The new filing revealed that Neumann will return any profits he receives from the real estate transactions he has entered into with the company, and that any CEO who succeeds Neumann will be selected by board of directors.
The board will have the ability to remove the CEO, and the updated prospectus has taken out a clause that previously said Neumann’s wife Rebekah – who’s listed as a founder and chief brand and impact officer of WeWork – will have a role choosing any new chief. Some criticized the changes as not going far enough.
“This is an example of posturing,” Jeffrey Cunningham, who teaches management at Arizona State University and has served on several corporate boards, said of WeWork’s changes. The company appears to be facing pressure “to go public at a time that is inappropriate and with a governance record that is questionable.”
Still, the moves drove a WeWork bond to be the biggest price gainer in high-yield bond trading Friday. A Fitch Ratings analyst said the changes addressed many of the issues that the ratings company raised in downgrading WeWork’s credit grade last month.
“A key component of WeWork’s model is the ability to restrain growth in the event of a downturn and these governance changes increase the likelihood that an independent board will have the power to enforce such a decision,” Kevin McNeil, a director at Fitch, said in an emailed statement.
WeWork, which leases and owns spaces in office buildings and then rents desks to businesses ranging from startups to large corporations, has raised more than $12 billion since its founding nine years ago and has never turned a profit.
WeWork had been targeting a share sale of about $3.5 billion in September, people familiar with the matter said in July. A listing of that size would be second only to Uber Technologies Inc.’s $8.1 billion listing this year.
After the company filed publicly for the offering in August, its valuation shrank amid investor scrutiny. SoftBank Group Corp., which with its affiliates is WeWork’s biggest backer, invested in January at a valuation of $47 billion.
WeWork has been driving ahead with its desire to IPO, in part to gain access to much needed capital.

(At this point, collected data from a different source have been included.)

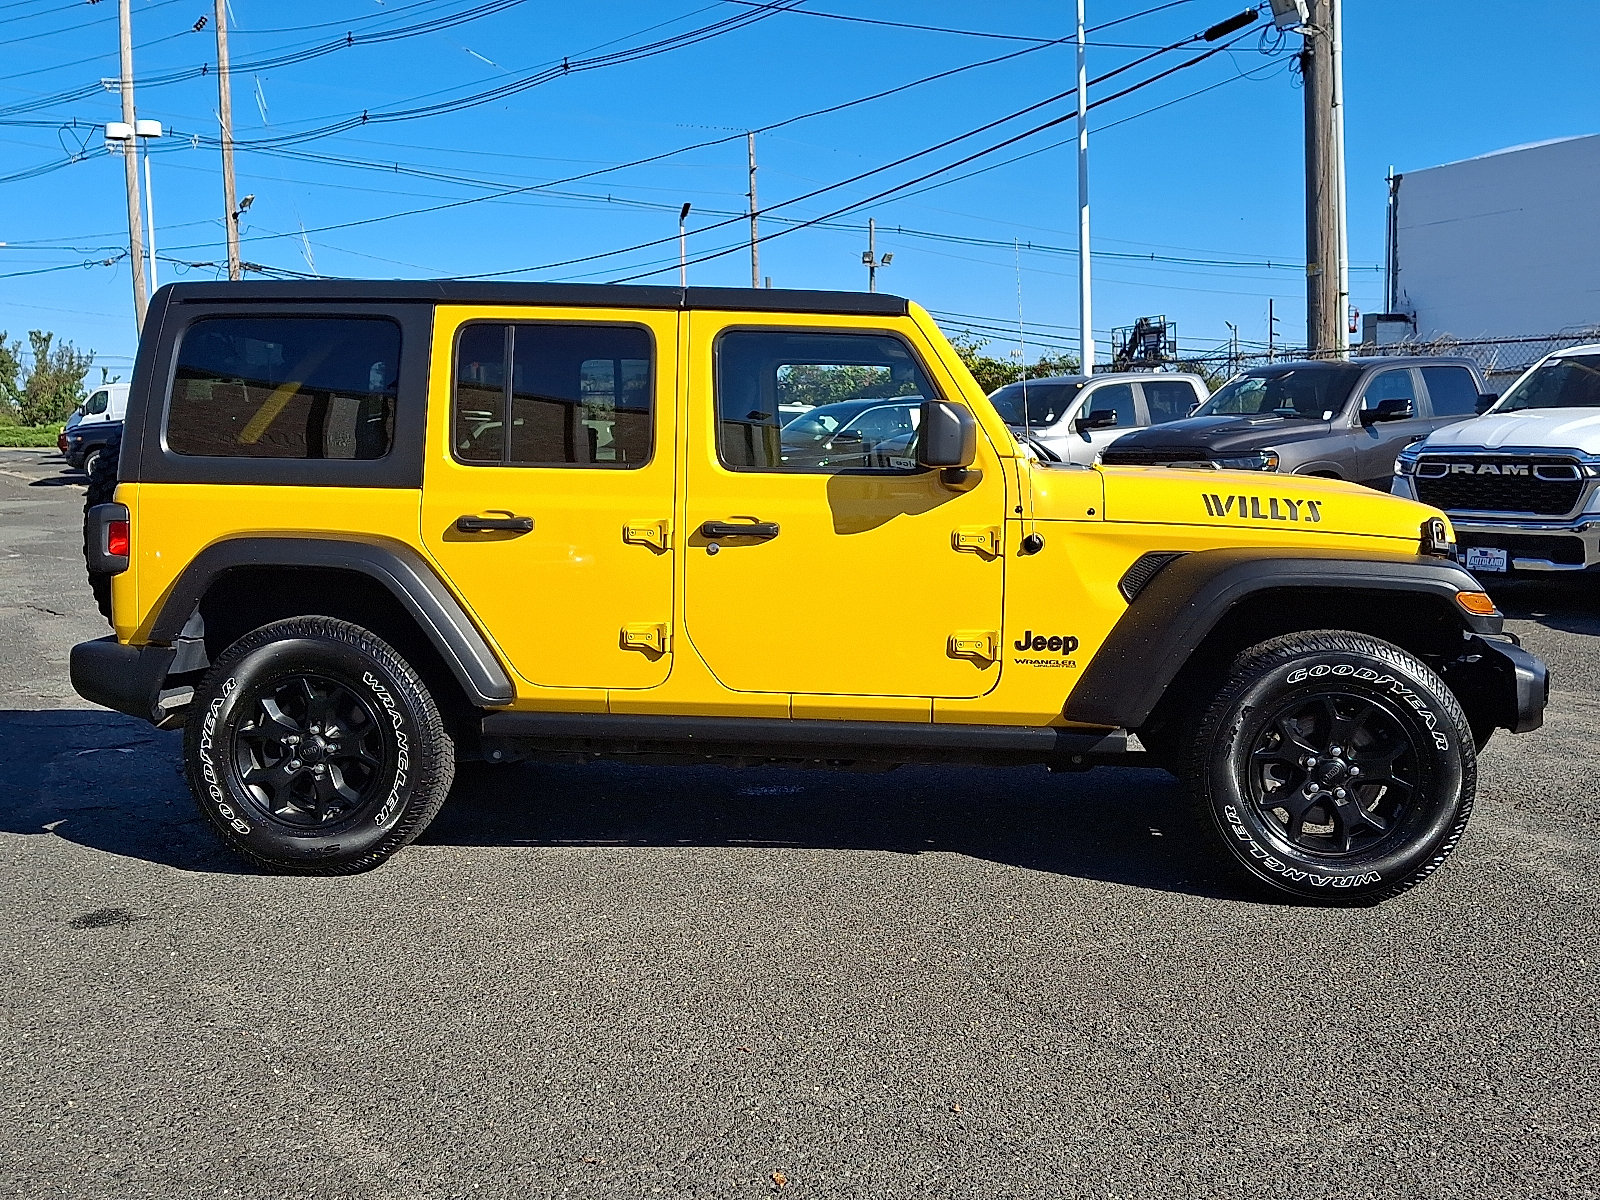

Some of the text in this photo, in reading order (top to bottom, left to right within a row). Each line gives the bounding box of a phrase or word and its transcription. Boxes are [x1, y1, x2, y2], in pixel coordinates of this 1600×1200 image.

[1451, 464, 1529, 476] RAM
[1201, 493, 1322, 522] WILLYS
[1469, 556, 1504, 567] AUTOLAND
[1014, 630, 1079, 655] Jeep
[1014, 658, 1076, 666] WRANGLER
[1286, 665, 1449, 751] GOODYEAR
[200, 677, 251, 835] GOODYEAR
[362, 671, 409, 826] WRANGLER
[1224, 804, 1382, 888] WRANGLER

The company needs to raise at least $3 billion through an IPO to tap into an additional $6 billion credit line that bankers have been setting up in recent weeks. The facility requires the company to carry out its offering by Dec. 31, the people said.
The original IPO plan included three classes of common stock, with holders of Class A shares getting one vote per share, while Class B and Class C owners got 20 votes for each. This arrangement would have given Neumann the vast majority of the voting power.

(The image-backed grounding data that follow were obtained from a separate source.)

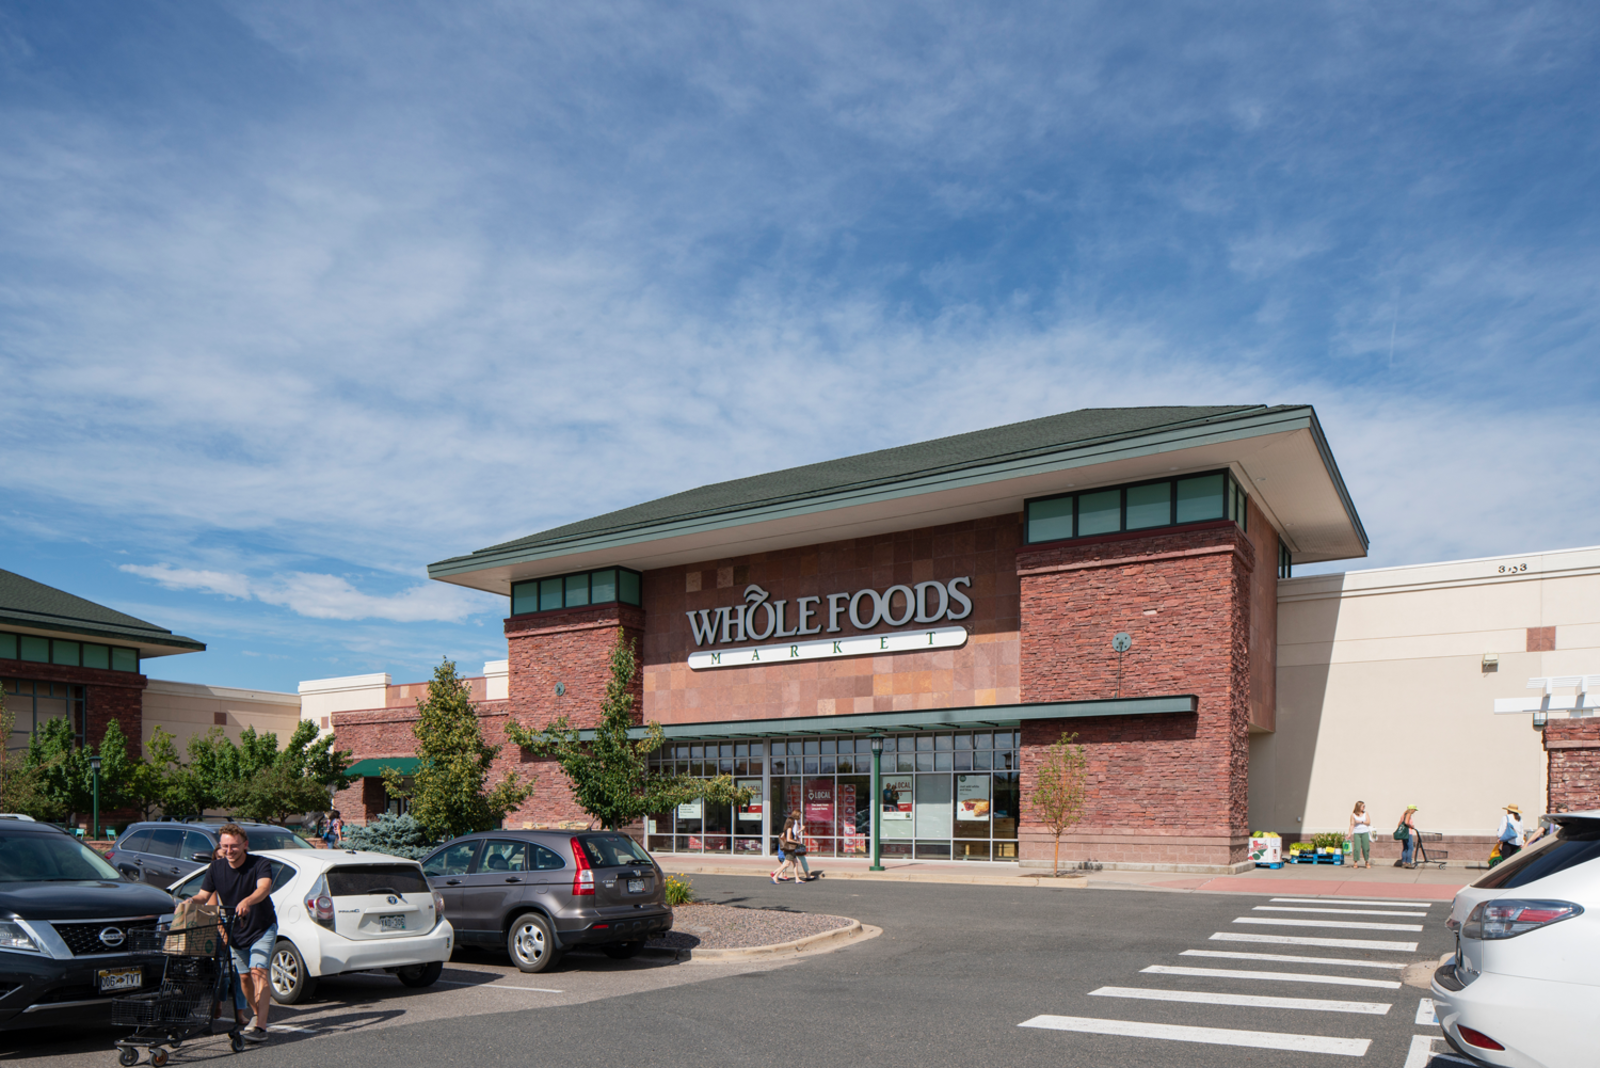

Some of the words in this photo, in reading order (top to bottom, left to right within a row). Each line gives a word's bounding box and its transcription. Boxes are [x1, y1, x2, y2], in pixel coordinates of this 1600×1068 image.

[686, 584, 822, 646] WHOLE
[826, 576, 973, 632] FOODS
[711, 631, 936, 665] MARKET
[814, 791, 831, 799] LOCAL
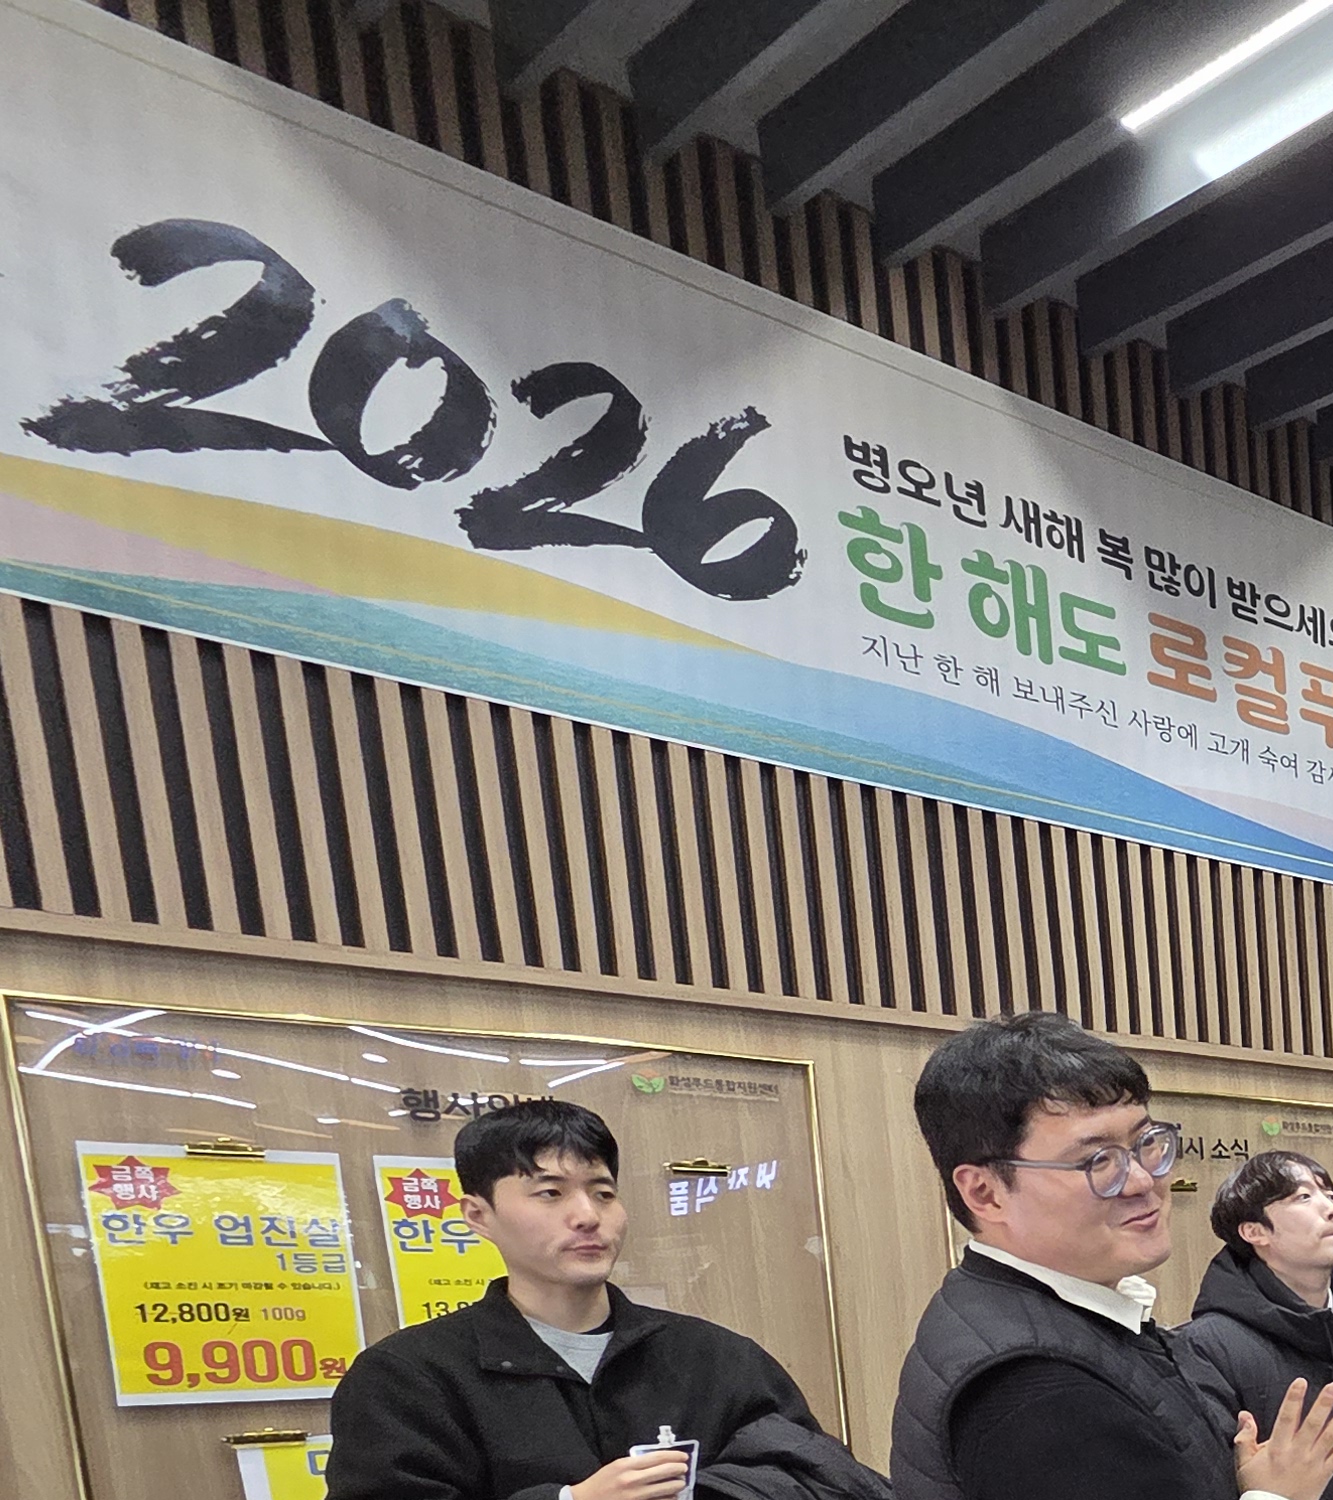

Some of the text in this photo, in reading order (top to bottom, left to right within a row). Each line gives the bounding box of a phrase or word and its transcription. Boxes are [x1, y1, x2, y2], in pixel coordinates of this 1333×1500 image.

The company is changing its high-vote stock from 20 votes to 10 votes a share. But it’s keeping the different classes, which it says “may result in a lower or more volatile market price” of its Class A common stock in part because certain indices like the S&P 500 exclude companies with such structures.
The high-vote stock will automatically decrease to one vote per share in the event that Neumann becomes permanently incapacitated or dies, something that would previously only have occurred if Neumann’s ownership fell to 5% or lower.
The company already has taken some steps to improve its governance, such as adding a woman to its board and having Neumann return $5.9 million of partnership interests initially granted to him as compensation for trademarks used in a rebranding. Yet its IPO filing last month raised a variety of other concerns. Among them: The company paid Neumann rent and lent him money.
Neumann will also limit his ability to sell stock in each of the second and third years following this offering to no more than 10% of his shareholdings. WeWork’s Class A stock has been approved for listing on Nasdaq under symbol “WE”.
The New York-based company, which changed its name to the We Co. this year, disclosed in its filings that it had lost $2.9 billion in the past three years and $690 million in just the first six months of 2019. Its annual revenue, though, had more than doubled to $1.8 billion in 2018, compared with $886 million the previous year.
– With assistance from Michelle F Davis, Anders Melin and Tom Giles.